■ What is expected ■
Please print every line of the material below exactly.

══════════

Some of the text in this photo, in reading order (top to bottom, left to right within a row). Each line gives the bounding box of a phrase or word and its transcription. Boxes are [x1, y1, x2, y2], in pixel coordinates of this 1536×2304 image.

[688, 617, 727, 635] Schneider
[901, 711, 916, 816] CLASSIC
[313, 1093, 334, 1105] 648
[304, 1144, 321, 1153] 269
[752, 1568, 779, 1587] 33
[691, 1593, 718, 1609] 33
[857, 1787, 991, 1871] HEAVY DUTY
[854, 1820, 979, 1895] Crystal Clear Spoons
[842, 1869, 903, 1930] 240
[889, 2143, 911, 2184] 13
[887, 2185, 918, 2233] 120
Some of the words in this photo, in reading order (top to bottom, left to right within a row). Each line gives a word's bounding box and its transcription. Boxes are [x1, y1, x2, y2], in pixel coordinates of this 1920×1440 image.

══════════

■ Response ■
Some of the text in this photo, in reading order (top to bottom, left to right within a row). Each line gives the bounding box of a phrase or word and its transcription. Boxes are [x1, y1, x2, y2], in pixel coordinates of this 1536×2304 image.

[688, 617, 727, 635] Schneider
[901, 711, 916, 816] CLASSIC
[313, 1093, 334, 1105] 648
[304, 1144, 321, 1153] 269
[752, 1568, 779, 1587] 33
[691, 1593, 718, 1609] 33
[857, 1787, 991, 1871] HEAVY DUTY
[854, 1820, 979, 1895] Crystal Clear Spoons
[842, 1869, 903, 1930] 240
[889, 2143, 911, 2184] 13
[887, 2185, 918, 2233] 120
Some of the words in this photo, in reading order (top to bottom, left to right within a row). Each line gives a word's bounding box and its transcription. Boxes are [x1, y1, x2, y2], in pixel coordinates of this 1920×1440 image.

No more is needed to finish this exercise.